*WHAT IS REQUIRED*
Leaving out all images, return the entries below exactly.

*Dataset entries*
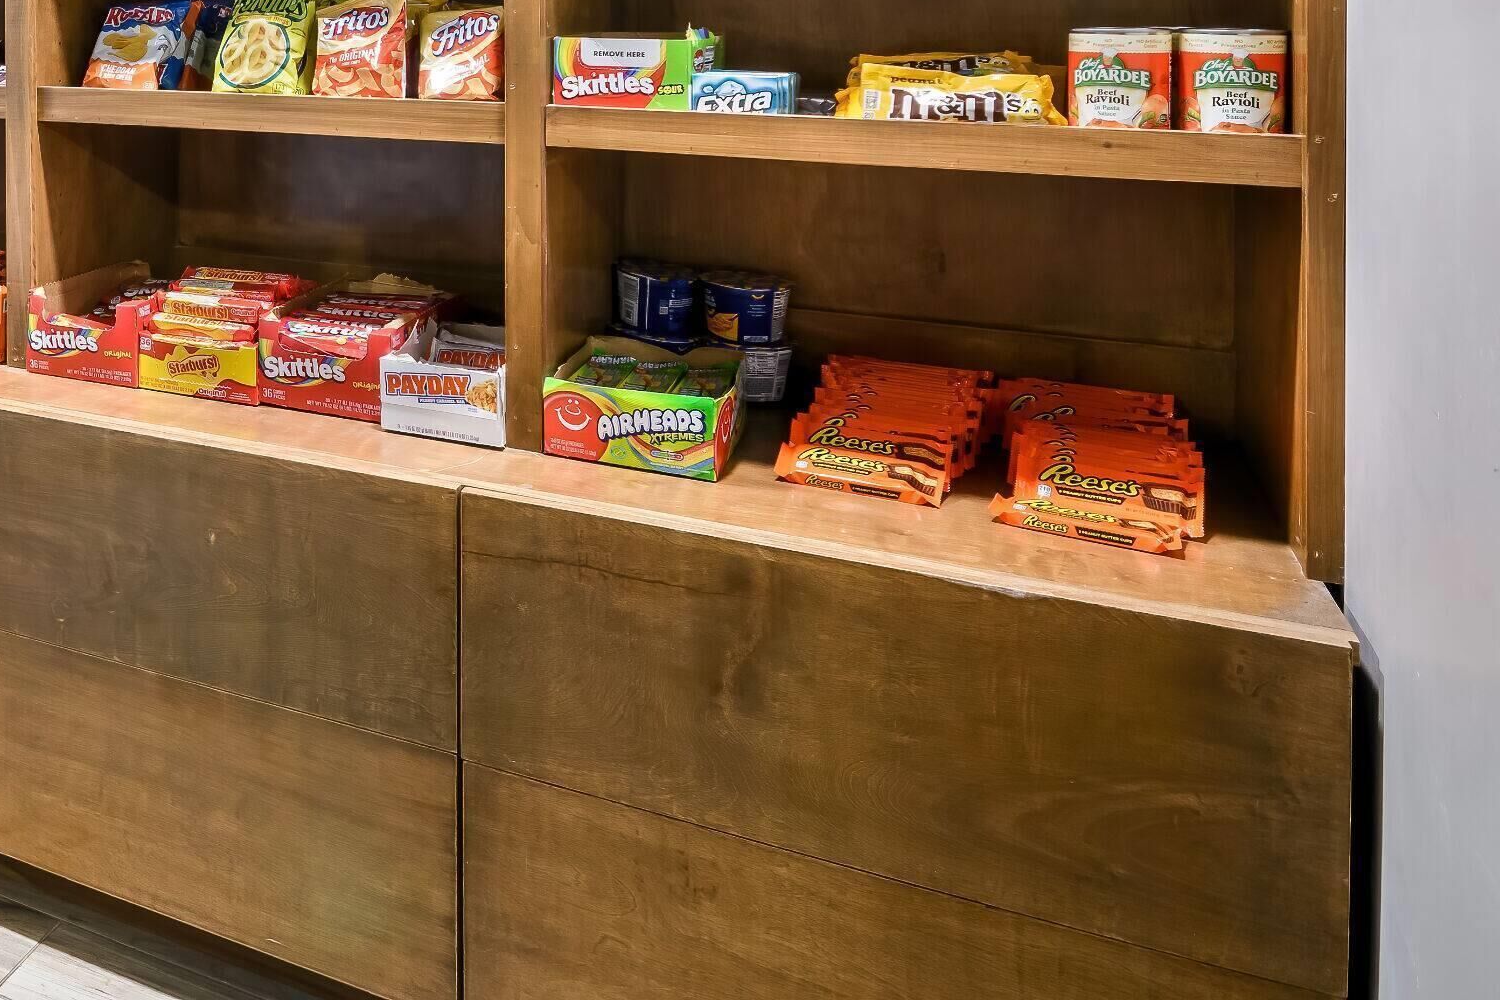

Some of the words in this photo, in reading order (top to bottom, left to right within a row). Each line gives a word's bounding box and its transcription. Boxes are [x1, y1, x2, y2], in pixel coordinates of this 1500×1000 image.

[323, 7, 389, 40] Fritos
[431, 14, 500, 56] Fritos
[339, 49, 378, 62] ORIGINA
[593, 50, 624, 58] REMOVE
[1080, 58, 1100, 69] Chef
[1203, 59, 1230, 70] Chef
[561, 72, 655, 98] Skittles
[890, 75, 943, 85] peanut
[1075, 69, 1150, 87] BOYARDEE
[1195, 70, 1278, 89] BOYARDEE
[658, 84, 684, 95] SOUR
[697, 92, 772, 112] Extra
[1086, 94, 1130, 106] Ravioli
[1212, 97, 1260, 109] Ravioli
[172, 302, 228, 319] Starburst
[30, 329, 98, 352] Skittles
[141, 338, 151, 346] 36
[30, 359, 38, 368] 36
[168, 355, 218, 375] Starburst
[264, 355, 345, 381] Skittles
[263, 388, 273, 398] 36
[386, 373, 470, 396] PAYDAY
[598, 409, 705, 440] AIRHEADS
[651, 432, 704, 444] XTREMES
[808, 427, 895, 455] Reese's
[798, 447, 886, 472] Reese's
[805, 474, 844, 490] Reese's
[1040, 463, 1141, 496] Reese's
[1107, 496, 1122, 504] CUPS
[1023, 514, 1068, 533] Reese's
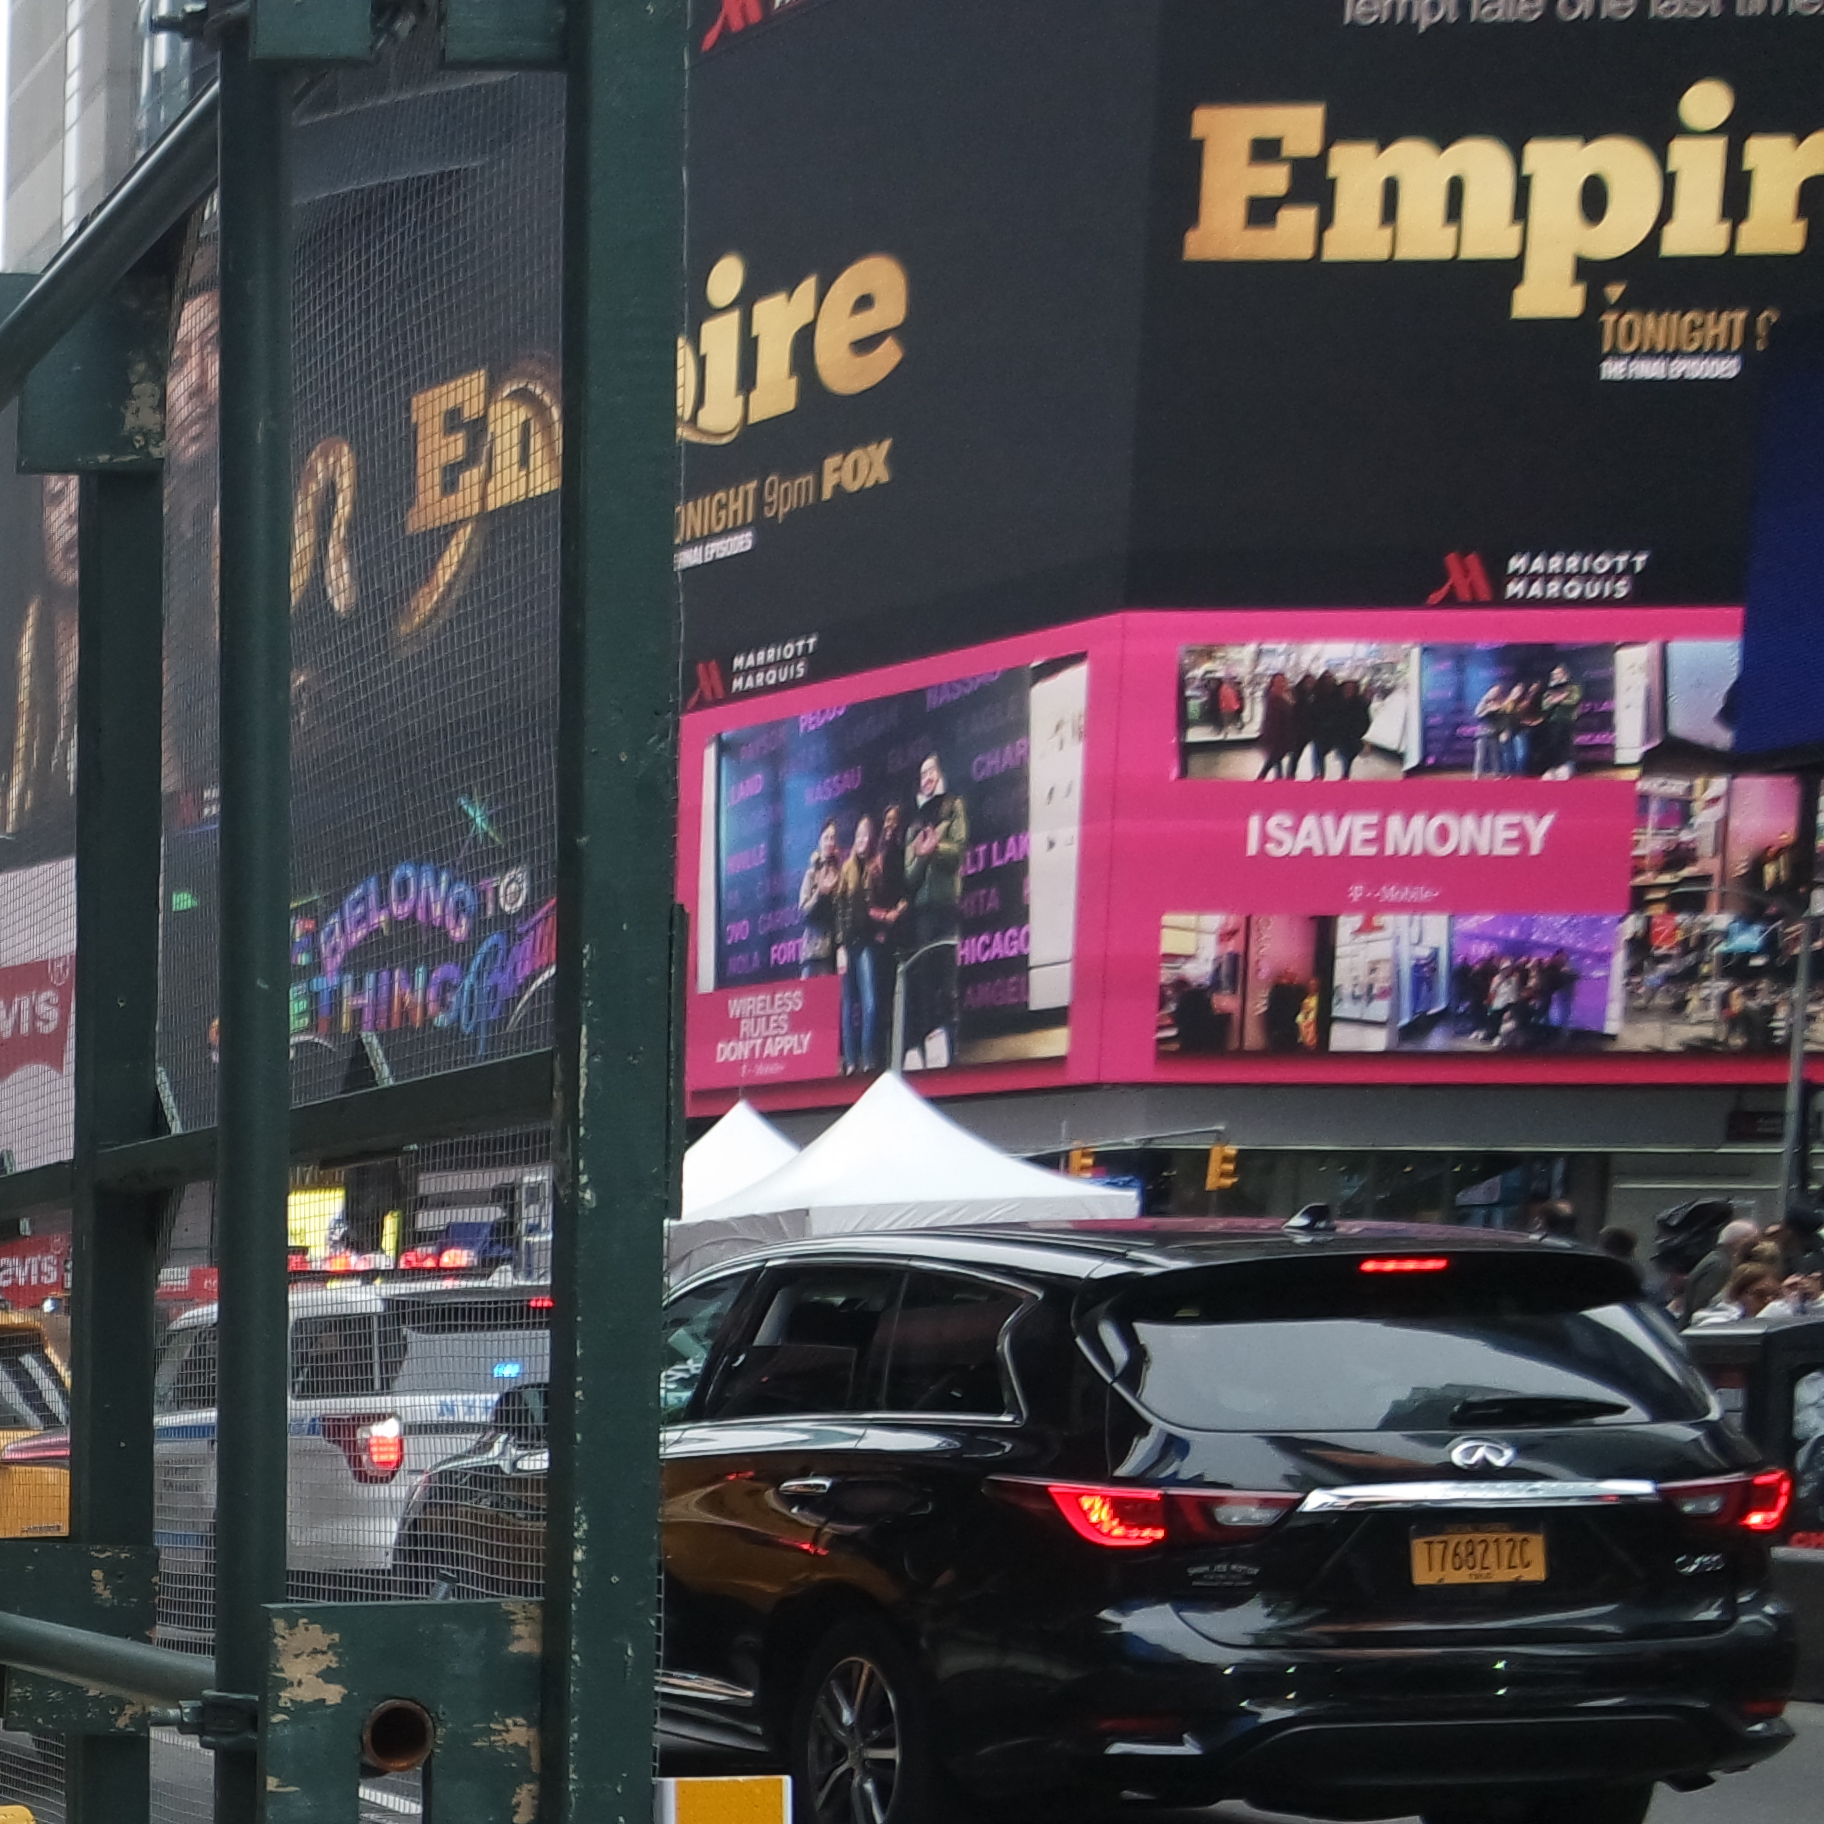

*TASK ANSWER*
Some of the words in this photo, in reading order (top to bottom, left to right within a row). Each line gives a word's bounding box and its transcription. Boxes are [x1, y1, x2, y2], in pixel coordinates of this 1500×1000 image.

[323, 7, 389, 40] Fritos
[431, 14, 500, 56] Fritos
[339, 49, 378, 62] ORIGINA
[593, 50, 624, 58] REMOVE
[1080, 58, 1100, 69] Chef
[1203, 59, 1230, 70] Chef
[561, 72, 655, 98] Skittles
[890, 75, 943, 85] peanut
[1075, 69, 1150, 87] BOYARDEE
[1195, 70, 1278, 89] BOYARDEE
[658, 84, 684, 95] SOUR
[697, 92, 772, 112] Extra
[1086, 94, 1130, 106] Ravioli
[1212, 97, 1260, 109] Ravioli
[172, 302, 228, 319] Starburst
[30, 329, 98, 352] Skittles
[141, 338, 151, 346] 36
[30, 359, 38, 368] 36
[168, 355, 218, 375] Starburst
[264, 355, 345, 381] Skittles
[263, 388, 273, 398] 36
[386, 373, 470, 396] PAYDAY
[598, 409, 705, 440] AIRHEADS
[651, 432, 704, 444] XTREMES
[808, 427, 895, 455] Reese's
[798, 447, 886, 472] Reese's
[805, 474, 844, 490] Reese's
[1040, 463, 1141, 496] Reese's
[1107, 496, 1122, 504] CUPS
[1023, 514, 1068, 533] Reese's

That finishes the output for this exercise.